Terms of search were patient safety, basics, and principles of patient safety, review of patient safety, patient safety in the ICU and the critically ill patient safety.
Findings
Patient safety event is a wide term; it does not only mean a medical error during the course of medical management and nursing. The Department of Health and Human Services, 2008, defined a patient safety event as an incident, which takes place during providing a health care service.
It causes or may have caused a harmful outcome to the patient. It includes errors of not doing (omission) or errors of doing (commission), it also includes faults and mistakes of the patient care processes (involving drugs and equipment’s) or the environment where these processes are carried out.
The phrase, one cannot manage what cannot be measured hold true for patient safety. One of the reasons of the lack of effective patient safety strategies is the need for a measurement tool to provide measures, consequently, reduce medical errors and improve patient safety.
The Agency for Healthcare Research and Quality (AHRQ) developed an array of Patient Safety Indicators planned to screen administrative data for events related to patient safety. This list of indicators includes 16 situations where a threat to patient safety may occur during the course of healthcare delivery. Using this measurement tool shows that patient safety incident of highest rates are failure to rescue, decubitus ulcers and postoperative wound infection (which is specifically increased by 35% during the period 2002-2006) (Health Grades Inc, 2006).
Infection control: An important part of patient safety
Bruke, 2006, has provided a comprehensive review of infection control as an important aspect in patient safety strategy. Based on many studies, hospital acquired infection; in this context, alternatively called health care associated infection, is one the most frequent risks for patient safety in patients admitted to hospitals. The answer to the question of why it is an important aspect for patient safety lies in the fact that 5-10 percent of patients admitted to acute care hospitals acquire one or more nosocomial infection. In the US, 2 million patients acquire hospital infection every year with 90.000 deaths.
This adds a cost of 4.5 to 5.7 billion US $ to the health care cost (Bruke, 2006). There are four types of hospital-acquired infections, which account for 80% of the total rate. These are infection associated with urinary catheterization, blood borne infection (usually with vascular invasive procedures), surgical wounds infections, and pneumonia (usually associated with the use of ventilators). Therefore, it is understandable that 25 per cent of these infections occur in the ICU (Bruke, 2006).

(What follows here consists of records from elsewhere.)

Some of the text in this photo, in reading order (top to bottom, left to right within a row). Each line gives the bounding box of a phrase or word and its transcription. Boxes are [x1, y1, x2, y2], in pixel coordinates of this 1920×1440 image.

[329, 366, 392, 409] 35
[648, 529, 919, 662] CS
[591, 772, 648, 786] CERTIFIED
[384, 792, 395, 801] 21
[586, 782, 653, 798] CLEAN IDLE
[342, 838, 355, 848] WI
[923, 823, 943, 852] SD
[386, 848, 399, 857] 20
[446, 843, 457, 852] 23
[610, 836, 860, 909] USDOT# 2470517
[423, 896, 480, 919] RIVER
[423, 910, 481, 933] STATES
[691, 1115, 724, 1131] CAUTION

The increased awareness of patient safety resulted in reorganizing the concepts of infection control and placing it in the domain of public health with consequent increased surveillance and epidemiological studies. It is true that recognizing risk factors allows clarification of what is adjustable and what is not, however modification of some terms is advisable. Instead of saying avoiding the use of catheters, we should recommend reducing the duration of use of catheters. Many other terms as use antibiotics intelligently, and training and staff education are hazy and indistinct, accordingly, tricky to employ (Bruke, 2006).

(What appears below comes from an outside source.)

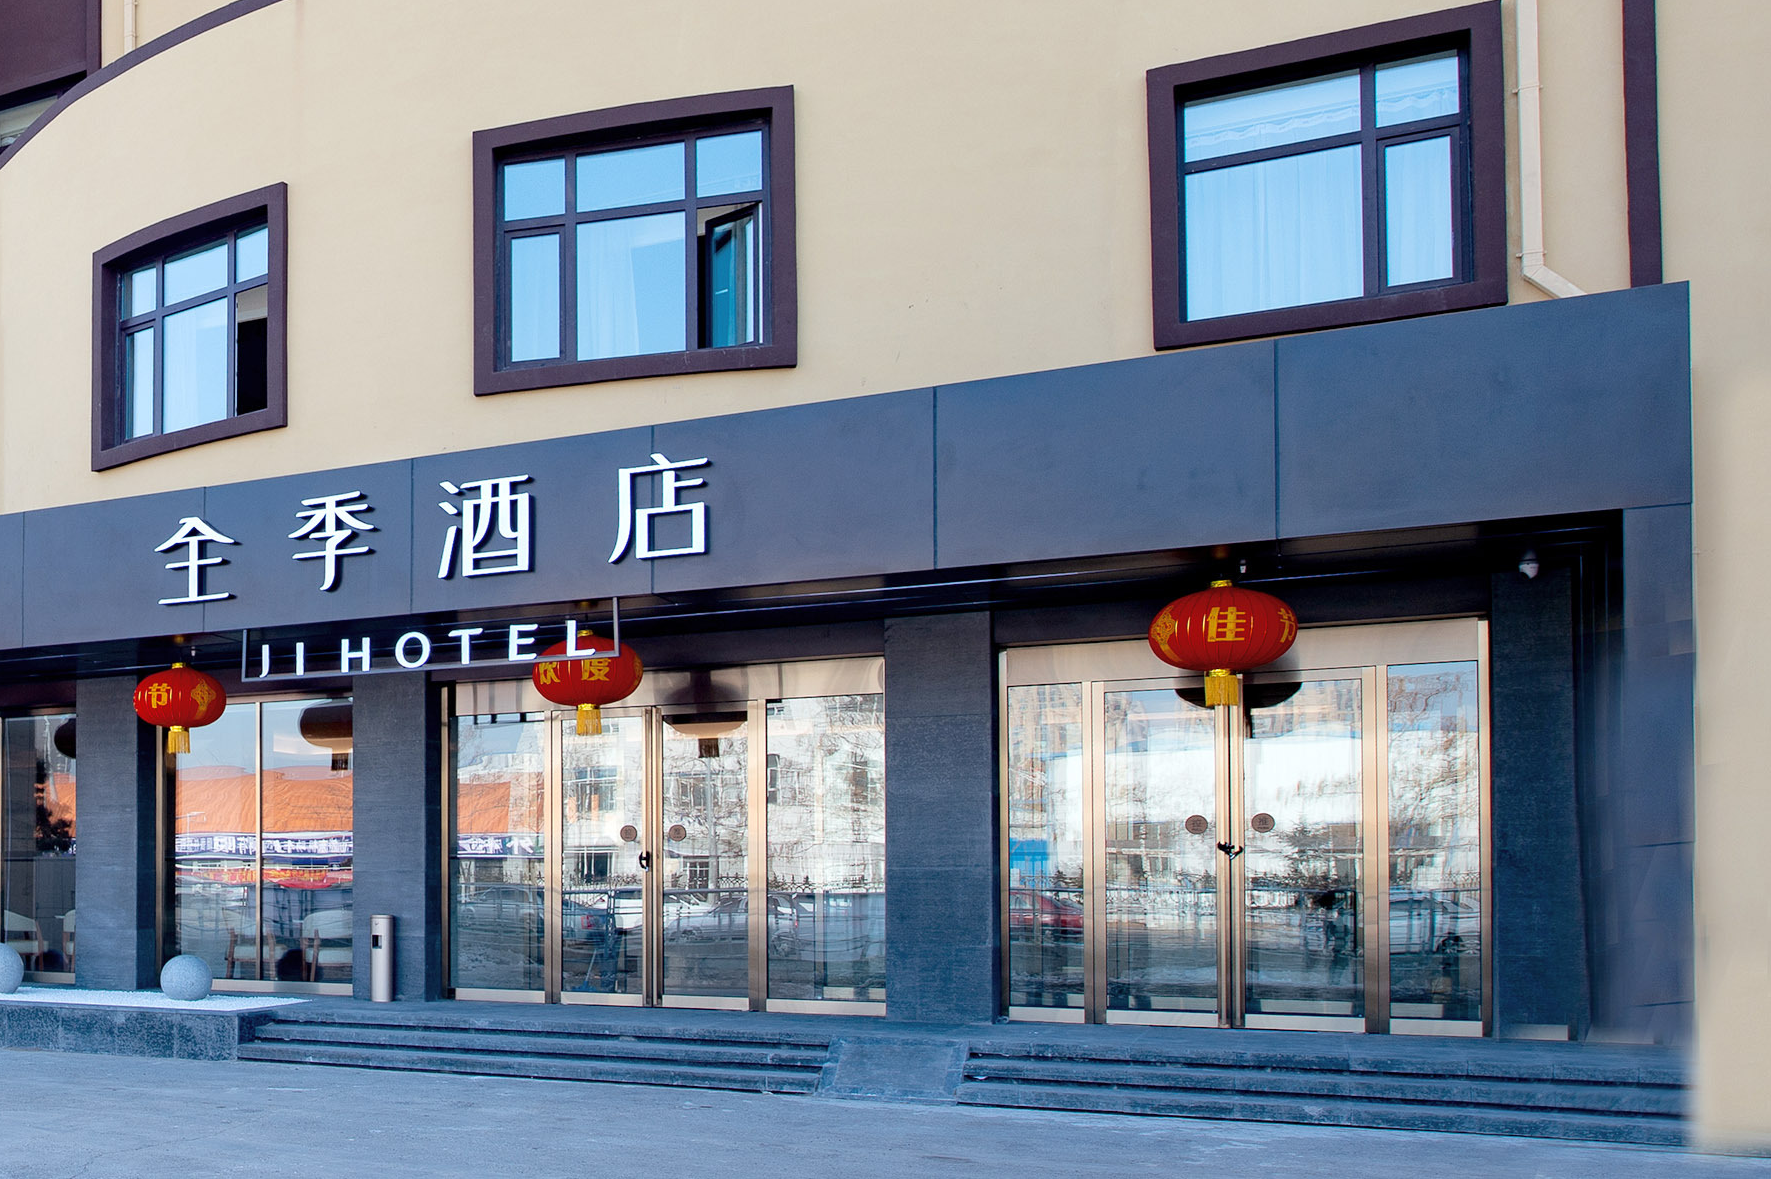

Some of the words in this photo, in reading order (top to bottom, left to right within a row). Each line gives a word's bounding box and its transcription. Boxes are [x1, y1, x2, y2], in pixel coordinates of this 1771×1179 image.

Nursing practice and patient safety
The report of the Institute of Medicine, 2004 (after Armstrong and Laschinger, 2006) recognized nursing role as pivotal to patient safety. The report suggests the degree of activity of hospital nurses and the extent of giving them authority to take part in decisions, directly affects the quality and perception of patient safety. The results of Armstrong and Laschinger, 2006 supported this assumption; they recommended that nurses should enjoy better communication and participation in decision-making. The responsibility of nurse managers, at the unit level, is even greater.

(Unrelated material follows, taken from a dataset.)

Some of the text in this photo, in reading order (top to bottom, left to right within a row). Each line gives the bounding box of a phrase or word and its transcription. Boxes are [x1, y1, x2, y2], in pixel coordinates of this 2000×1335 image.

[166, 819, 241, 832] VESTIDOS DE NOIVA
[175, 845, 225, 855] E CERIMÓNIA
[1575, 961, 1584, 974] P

They take part to establish nursing practices, which support patient safety culture, they also sustain professional nursing practices, and they should listen carefully to nurses relevant affairs. If nursing managers achieve their direct responsibilities, then they work with others in the healthcare establishment to make the organizational process better as regards limiting the nurse’s competence towards better patient care. The result of Armstrong and Laschinger, 2006 suggested that nurse managers (nurse leaders) have the capability of developing patient safety in healthcare organizations.
Medication management and patient safety
Duthie and colleagues, 2004, analyzed the 108 reports submitted to the New York State Department of Health investigating the medical errors in New York State healthcare organizations. From quantitative viewpoint, their results suggested that nursing the first discipline to be involved in such errors and they provided the explanation that nurses are the end dispenser since they give the medications to patients directly.
In addition, they showed that patients over 65 years are the most vulnerable to these errors, perhaps because of the increased number of medications prescribed at this age. From a qualitative viewpoint, they suggested that what may endanger patient safety is dispensing system malfunction, failure to rescue situations and working space limitations. They suggested the need to educational initiatives and pointing out possible dispensing system malfunctions.
Adamski, 2005, suggested the following precautions to minimize medication errors:
- Monitoring how patients respond to medications as long as it is dispensed in the healthcare organization.
- Diagnosis and indication for a particular medication should be available in the patient’s progress notes, history or examination sheets.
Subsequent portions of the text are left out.